May 13, 2011 11:48 AM

The good times of 2010 have rolled nicely into 2011 for most crop producers. Not only were profits strong in the first quarter 2011, but instead of taking on a high levels of new debt, much of new land and higher input costs are being self-financed out of profits, according to a survey released today of ag credit conditions by the Federal Reserve Bank of Kansas City.

The report entitled, “The Farm Boom Continues,” points out that cropland values continued to jump an average of 20% in the first quarter compared to year-ago levels in the Kansas City Fed’s region of Colorado, Nebraska, Kansas, Oklahoma, Wyoming, the northern half of New Mexico, and the western third of Missouri.
What’s the takeaway message? “The next 18 months look good,” says Mike Walsten, editor of LandOwner, a publication of Farm Journal Media, a sister publication of AgWeb. Farmers are in a good position to weather any future financial storm, he says. “With so much land paid for out of profits, it is much less likely that this will be a repeat of the 1980’s farm depression, or the housing crisis, even if land values fall,” Walsten says.

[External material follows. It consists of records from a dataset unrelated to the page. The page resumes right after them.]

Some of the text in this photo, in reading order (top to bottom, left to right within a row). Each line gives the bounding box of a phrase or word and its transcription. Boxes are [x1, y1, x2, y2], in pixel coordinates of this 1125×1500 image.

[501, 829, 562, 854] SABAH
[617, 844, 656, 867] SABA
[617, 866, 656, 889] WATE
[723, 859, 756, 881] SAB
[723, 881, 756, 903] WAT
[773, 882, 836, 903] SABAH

“The rest of 2011 looks pretty positive,” says Brian Briggeman, economist with the Kansas City Fed, and chief author of the report. Particularly for crop producers, shrinking crop inventories have lifted prices, boosting crop profits. The survey did not ask for bankers to speculate on farm income for 2011, but Briggeman notes that USDA estimates farm income to increase nearly 20%.

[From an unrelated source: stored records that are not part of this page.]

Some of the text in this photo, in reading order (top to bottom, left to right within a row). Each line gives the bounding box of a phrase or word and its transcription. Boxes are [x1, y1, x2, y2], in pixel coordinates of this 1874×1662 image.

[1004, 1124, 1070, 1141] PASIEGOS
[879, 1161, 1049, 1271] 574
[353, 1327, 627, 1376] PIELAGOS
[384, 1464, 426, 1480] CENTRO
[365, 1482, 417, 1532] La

That said, however, there are sharp differences among the states. While farmland values surged roughly 24% during the past year in Nebraska and Kansas on non-irrigated acres, they rose a more modest 14.5% in Oklahoma, and 10.6% in mountain states. Rental rates also showed a wide variance. Rates rose an average of 17%—18% in Nebraska—while rates comparing the first quarter 2011 to 2010 rose a modest 1.6% in Oklahoma. The key areas of concern, Briggeman says, are the severe wheat drought areas of western Kansas, in addition to Oklahoma.
Ranchland values also rose sharply, jumping 11% above year-ago levels during the first quarter compared to a year earlier. Stronger profits for livestock operators and increased demand for cattle grazing boosted ranchland values. In addition, booming energy exploration lifted land lease revenues and farmland values, especially in the mountain states and Oklahoma.
The report says that most bankers look for farmland values to stabilize during the next three months. With stronger farm income, more borrowers boosted cash down payments and pledged existing equity for farmland purchases.
Loan repayment rates remained strong in the district states, and loan renewals and extensions held at low levels. The exception is Oklahoma. In addition, some bankers are concerned that elevated crop and livestock prices might fall and narrow profit margins.
The report says that in the first quarter of 2011, the farm income index rose to its highest level in a decade. Crop prices rose steadily with shrinking crop inventories, adverse weather conditions and competition for acreage as spring planting approached. Cattle and hog prices also moved higher with strong global demand for protein. “Elevated farm income continued to support robust capital spending,” the report’s economists say.
Interest rates on operating loans edged down further, averaging 6.6%, while interest rates on farm real estate loan held at an average of 6.3%.
Despite the overall positive report, some bankers voice concerns. “Current agricultural land prices are a concern to me as I am afraid they may be a bubble in the making,” says a North Central Missouri banker. A Colorado banker says, however, that “2011 appears to have the potential to repeat excellent gains, even with increases in cash rents and other crop inputs.”